Nor is there any evidence in this record about whether the town is insured against a damage award, if so, the limits of the coverage, and whether the town’s insurer (if there is one) has issued a reservation of rights letter, potentially limiting coverage. Following the Olszewskis’ argument, the jury award would not only have to be substantial, but also would have to either vastly exceed available coverage (if there is coverage) or somehow be excluded under its insurance policy. There is nothing in the record on this issue. a case should not recuse himself on an unsupported, irrational, or highly tenuous speculation; were he or she to do so, the price of maintaining the purity of appearance would be the power of litigants or third parties to exercise a negative veto over the
assignment of judges.” In re United States, 666 F.2d 690, 694 (1st Cir. 1981). Finally, this statutory section requires that a judge know that the case will have a substantial financial impact on a relative. I did not know of any financial impact whatsoever when I issued the order on the motion to dismiss, because I had no knowledge of the Eaton Peabody’s and Katahdin Law’s relationship to this case, and I still do not know that this case would have any financial impact on Katahdin
Law or my brother.
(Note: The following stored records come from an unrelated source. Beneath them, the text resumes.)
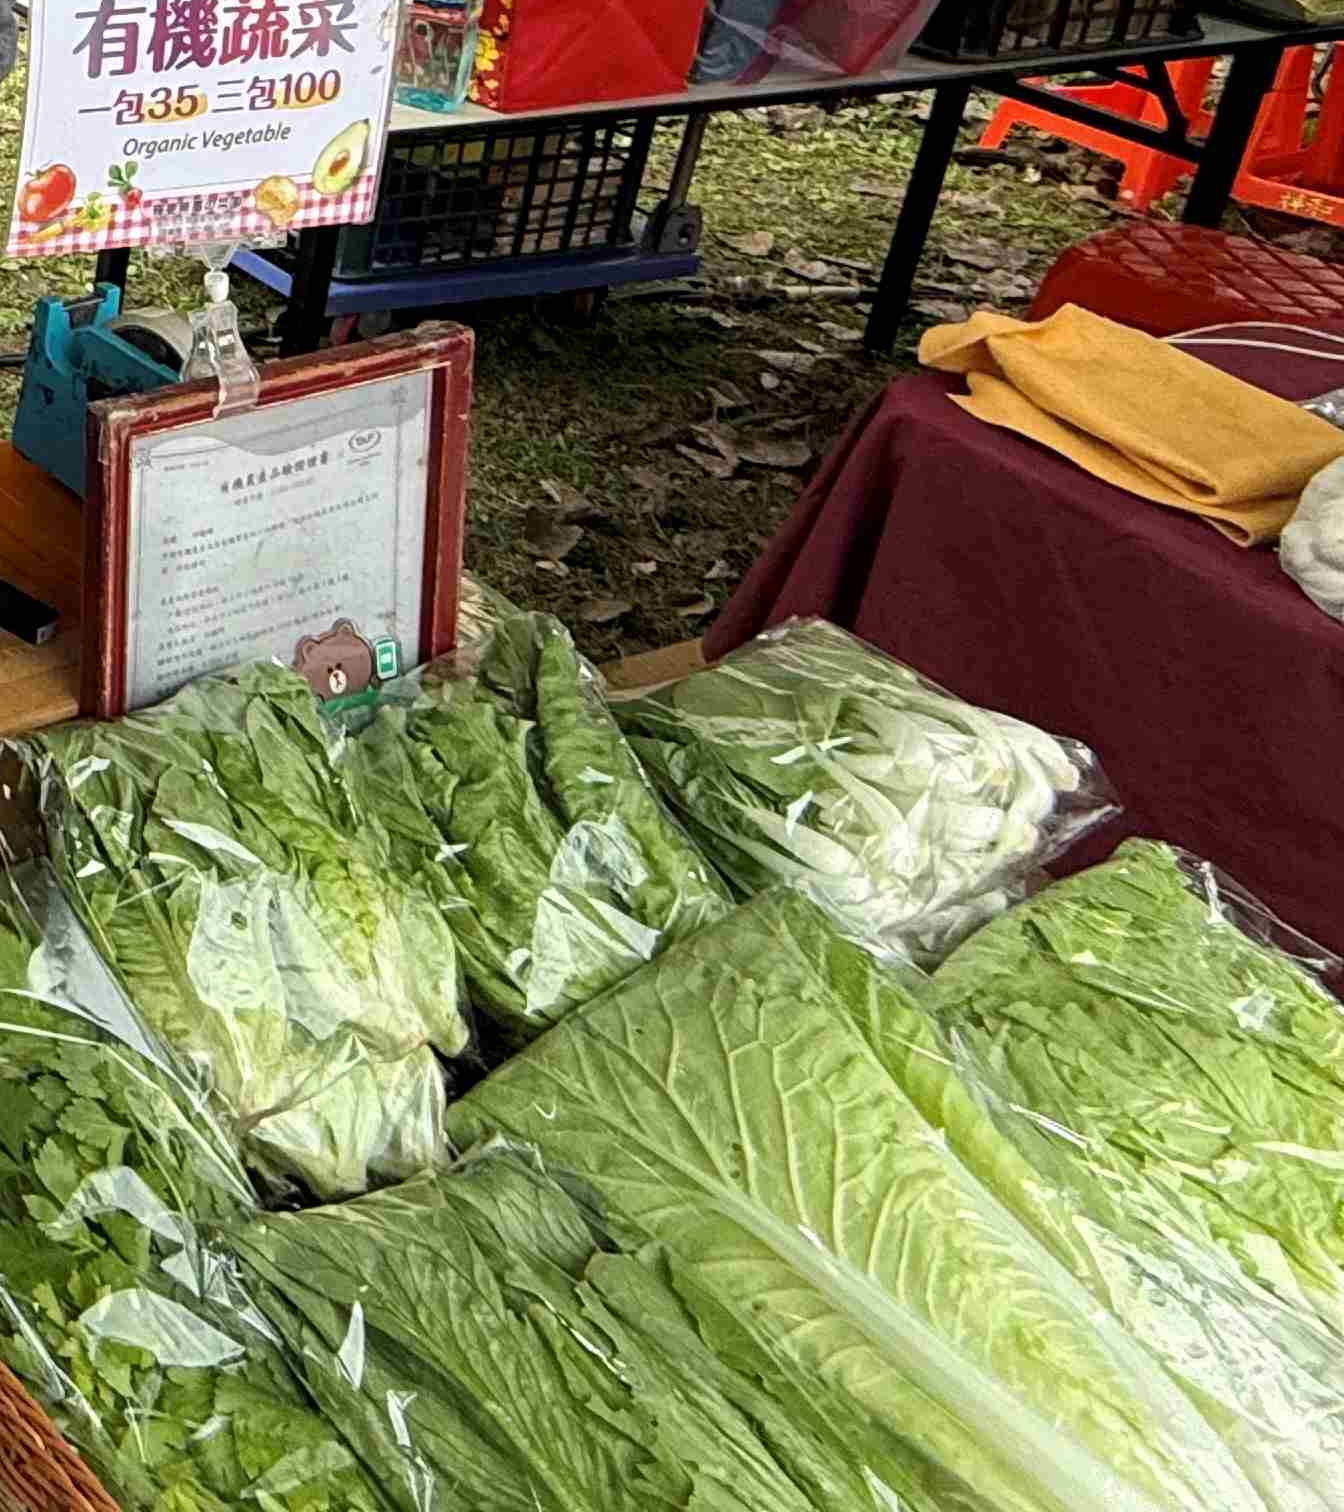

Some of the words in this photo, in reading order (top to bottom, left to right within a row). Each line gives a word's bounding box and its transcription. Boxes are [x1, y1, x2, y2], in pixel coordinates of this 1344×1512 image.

[78, 84, 200, 126] 一包35
[212, 68, 342, 114] 三包100
[123, 127, 197, 160] Organic
[201, 120, 291, 154] Vegetable
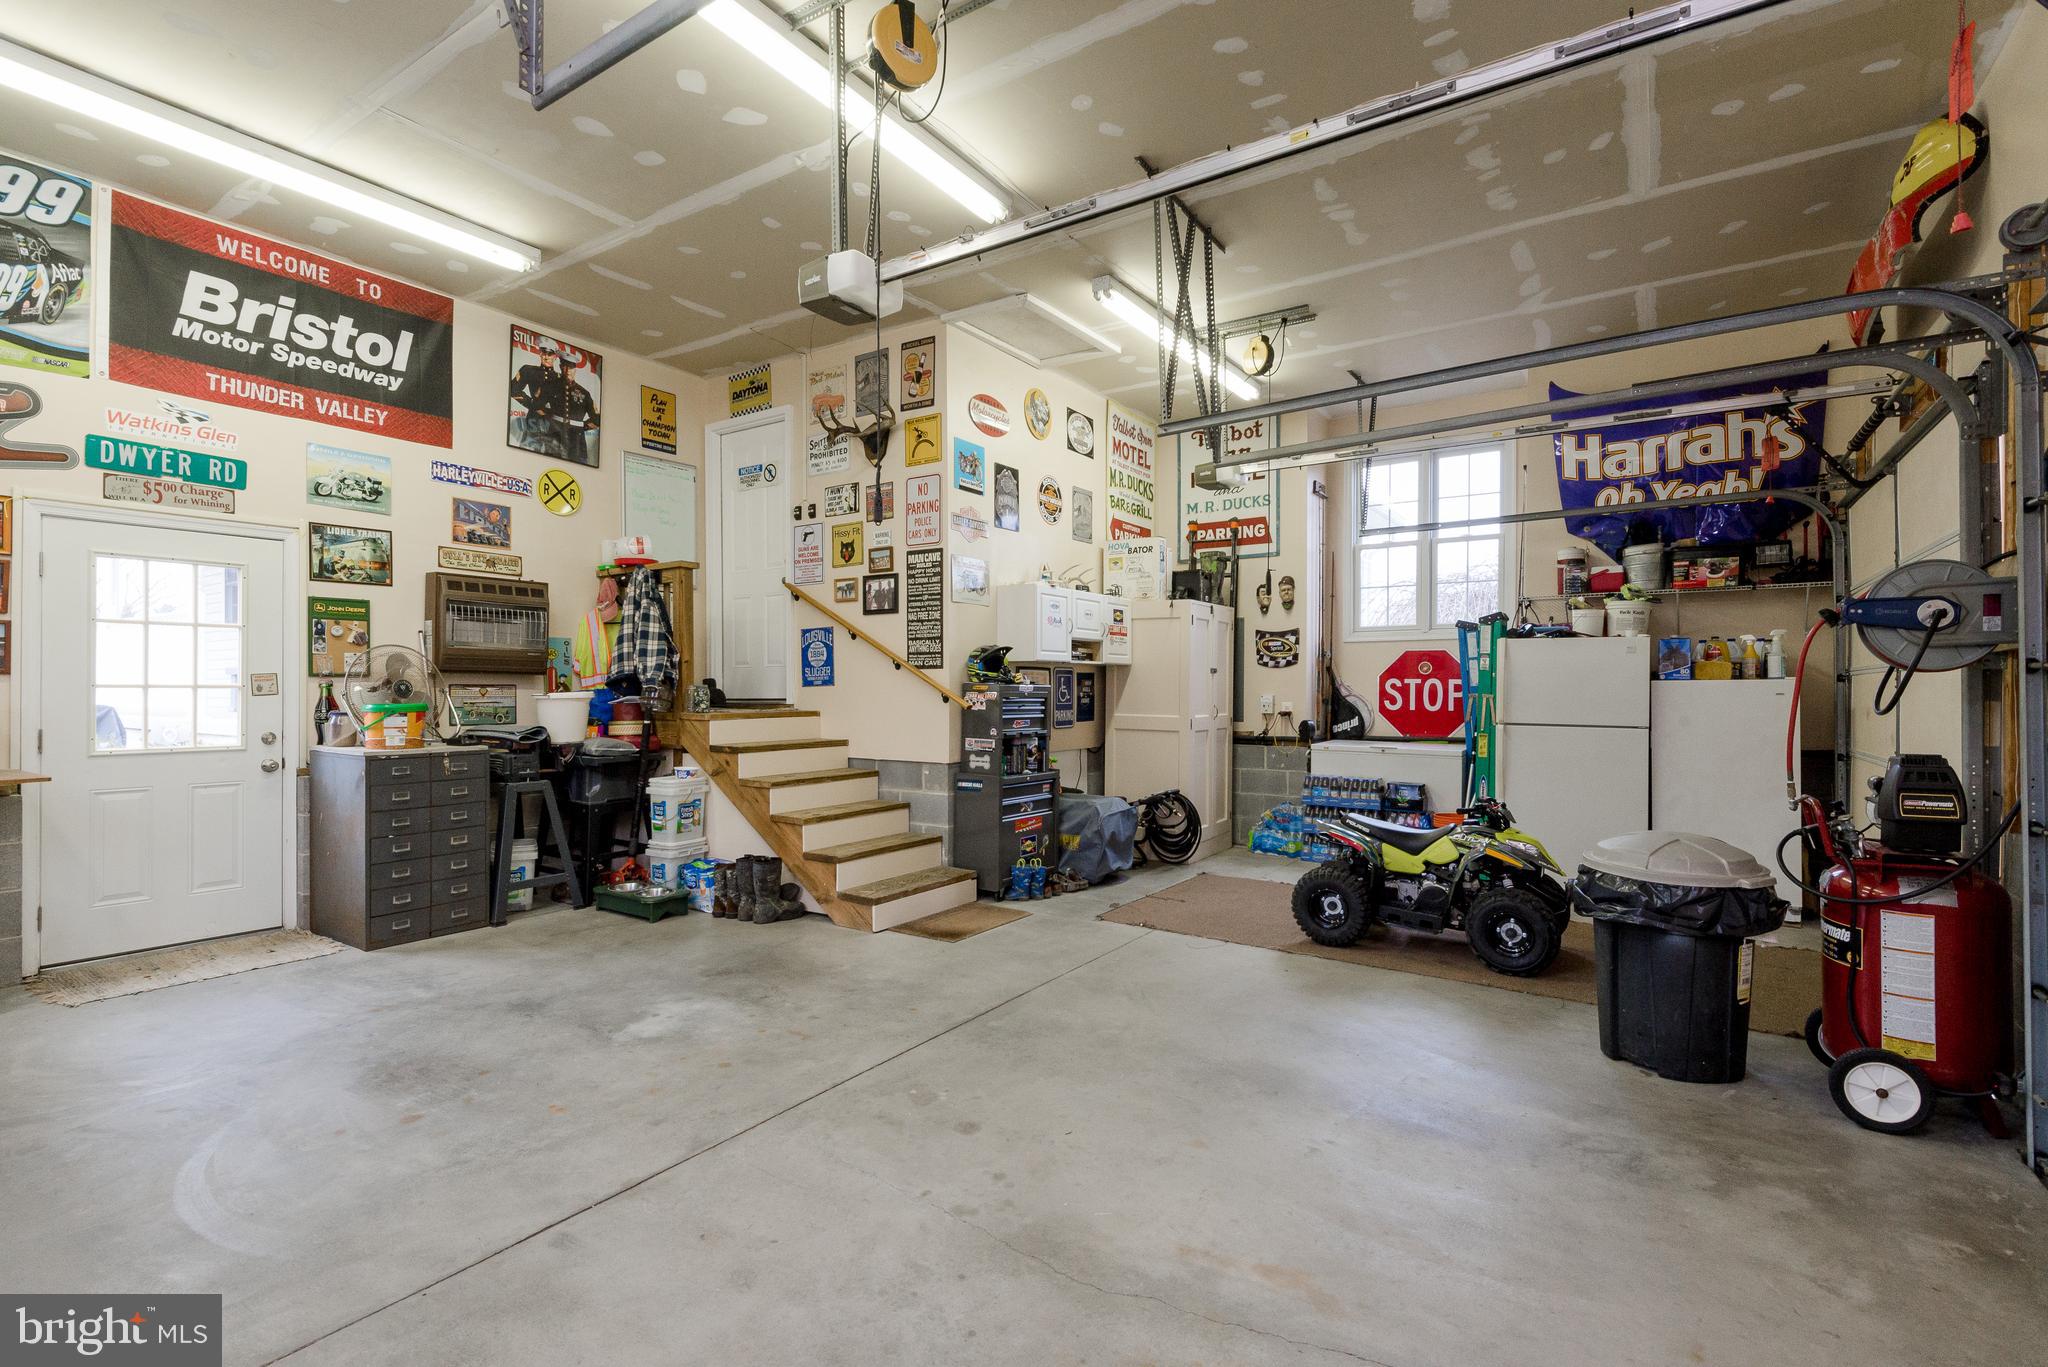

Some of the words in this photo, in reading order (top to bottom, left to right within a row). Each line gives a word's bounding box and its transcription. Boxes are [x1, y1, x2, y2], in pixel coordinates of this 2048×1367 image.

[51, 262, 82, 284] Aflac
[216, 234, 330, 284] WELCOME
[356, 278, 382, 300] TO
[179, 270, 414, 372] Bristol
[513, 330, 536, 347] STILL
[172, 318, 264, 355] Motor
[270, 343, 404, 391] Speedway
[732, 382, 768, 400] DAYTONA
[206, 372, 304, 410] THUNDER
[315, 397, 389, 426] VALLEY
[652, 407, 666, 415] LIKE
[971, 402, 1010, 425] Motorcycles
[107, 409, 192, 435] Watkins
[197, 425, 237, 444] Glen
[642, 419, 676, 433] CHAMPION
[109, 425, 236, 449] INTERNATIONAL
[648, 429, 671, 439] TODAY
[1191, 420, 1263, 448] Tbot
[810, 447, 848, 460] PROHIBITED
[1112, 436, 1151, 470] MOTEL
[100, 440, 192, 476] DWYER
[209, 459, 237, 483] RD
[432, 464, 504, 489] HARLEYVILLE
[740, 465, 760, 475] NOTICE
[180, 484, 224, 500] Charge
[543, 483, 549, 495] R
[569, 489, 575, 500] R
[917, 482, 928, 496] NO
[1127, 475, 1153, 502] DUCKS
[174, 496, 187, 505] for
[191, 497, 230, 511] Whining
[907, 499, 939, 515] PARKING
[1223, 494, 1271, 511] DUCKS
[914, 517, 932, 526] POLICE
[327, 526, 356, 537] LIONEL
[357, 529, 387, 539] TRAINS
[834, 530, 850, 538] Hissy
[909, 529, 921, 539] CARS
[924, 528, 936, 537] ONLY
[1108, 542, 1130, 551] HOVA
[1127, 545, 1153, 554] BATOR
[908, 553, 924, 564] MAN
[925, 552, 941, 562] CAVE
[908, 612, 917, 620] NAG
[918, 611, 928, 619] FREE
[929, 611, 940, 619] ZONE
[801, 629, 832, 648] LOUISVILLE
[805, 667, 830, 677] SLUGGER
[1384, 678, 1463, 712] STOP
[1055, 709, 1073, 721] PARKING
[1333, 716, 1358, 733] prince
[680, 805, 694, 814] Fresh
[681, 810, 693, 818] Step
[1346, 819, 1370, 833] POLARIS
D. “Material Witness” The Olszewskis assert that Attorney Pottle will be a material witness in this case, and this requires my recusal. See 28 U.S.C. § 455(b)(iv). I disagree. “Generally, familiarity—even a judge’s friendship with prospective witnesses—does not require a judge’s recusal under § 455(a).” United States v. Salemme, 164 F. Supp. 2d 86, 104 (D. Mass. 1998). But, here, as I have said, I do not know Attorney Pottle at all, and
the amended complaint does not refer to him. Moreover, here, the only information about Attorney Pottle’s proposed testimony appears for the first time in the Olszewskis’ recusal motion, where they reveal that on November 28, 2023, Attorney Pottle responded in writing to a FOAA request from Mr. Olszewski for emails from four town selectmen from January 2022 to November 20, 2023. Pls.’ Recusal Mot., Attach. 2, Letter from Att’y Pottle to Robert Olszewski, Jr. (Nov. 28, 2023). In the letter, Attorney Pottle acknowledged Mr. Olszewski’s request for “several thousand emails,” informed him of the town’s estimate of the cost of compliance and the likely delay in producing the records, and asked Mr. Olszewski to confirm that he still wished to proceed. Id. at 2. In his
response, Attorney Pottle suggested to Mr. Olszewski that he “modify your requests to narrow and identify what public record or records you are requesting based on the subject matter(s), event(s), and related time frame(s).” Id. The Olszewskis also maintain that Eaton Peabody and now Katahdin Law have represented the town of Dover-Foxcroft for a long time and that Attorney Pottle attended selectmen meetings. Pls.’ Recusal Mot. at 1-2. The Olszewskis propose on
calling Attorney Pottle as a witness to examine him about “the subjects of what he advised to [sic] Board of Selectmen on how to deal with Plaintiff Robert Olszewski’s complaints to the Board, including his complaints regarding hazards, expenditures, disability discrimination, and regarding Defendant Hutchins.” Id. at 8. The Defendants have questioned whether Attorney Pottle has any “non-privileged information” about the “claims at issue in this case that would not be available from another source.” Defs.’ Recusal Opp’n at 5.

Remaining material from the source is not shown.